Productivity growth is nothing short of the bedrock of progress—in the long run, creating more with the same amount of labor is the only way to durably increase wages, consumption, and society’s overall prosperity. That makes it such a historic achievement that American economic output per hour worked has risen 8.9% over the last five years—faster than the five years prior or any point in the 2010s—in spite of the COVID-19 pandemic. The already-great productivity recovery we had going into this year got a major upward revision from recent updates to GDP data, and preliminary estimates suggest they’ll get another boost as job growth will likely be revised down significantly at the start of next year.

That success is all the more remarkable compared to the dismal productivity numbers seen across many of America’s peer nations and how long it took US productivity growth to sustainably recover from the Great Recession. Since late 2019, the US has seen more than double the productivity growth of the next-fastest major comparable economy, building on an already significant lead it built up in the years before COVID. Plus, unlike the 2nd-place UK, the US has achieved this while increasing overall employment levels instead of leaving less-productive workers out of a job.

Historically, spurts of productivity growth are most concentrated in the manufacturing sector and manifest only slowly in services—in the classic example, it is hard for barbers to get faster at giving haircuts even as razor manufacturers rapidly get more productive.
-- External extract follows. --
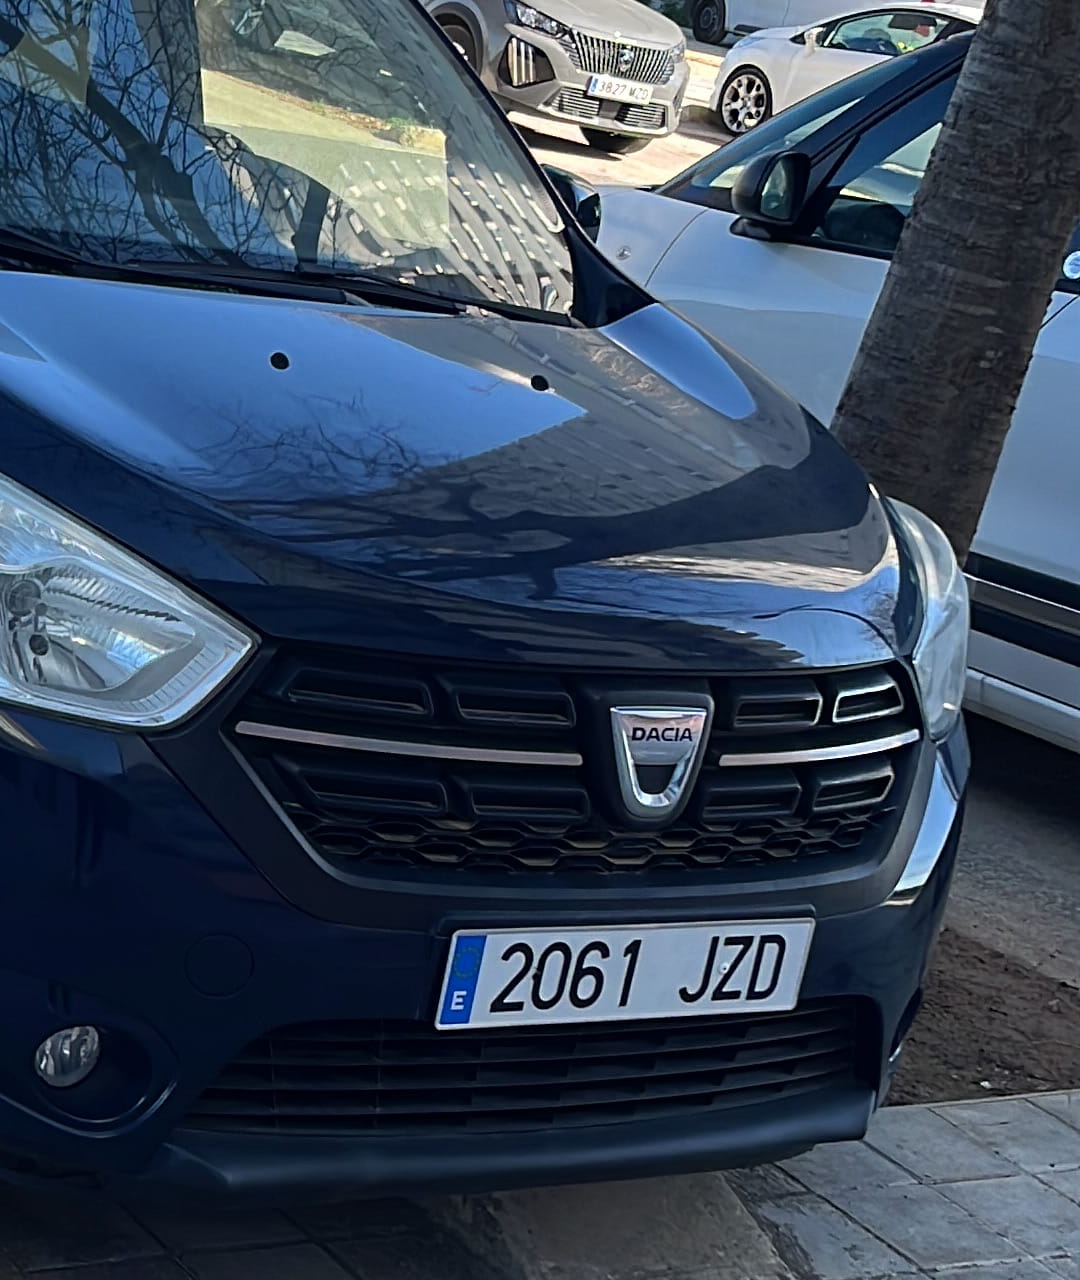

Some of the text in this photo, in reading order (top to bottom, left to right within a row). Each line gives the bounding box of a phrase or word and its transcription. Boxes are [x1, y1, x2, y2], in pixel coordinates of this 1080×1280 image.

[598, 81, 627, 96] 3827
[631, 727, 693, 742] DACIA
[450, 933, 787, 1013] E 2061 JZD
However, the endemic problems with American industry has meant that manufacturing productivity remains stagnant even amidst heavy government emphasis on industrial policy over the last four years. Thus, the nation’s recent productivity boom comes almost entirely from the service sector—cooks, programmers, drivers, nurses, bankers, teachers, cleaners, managers, caregivers, and more have all gotten significantly more efficient at their jobs over the last four years, with the gains in some subsectors being historically unprecedented in both speed and scale.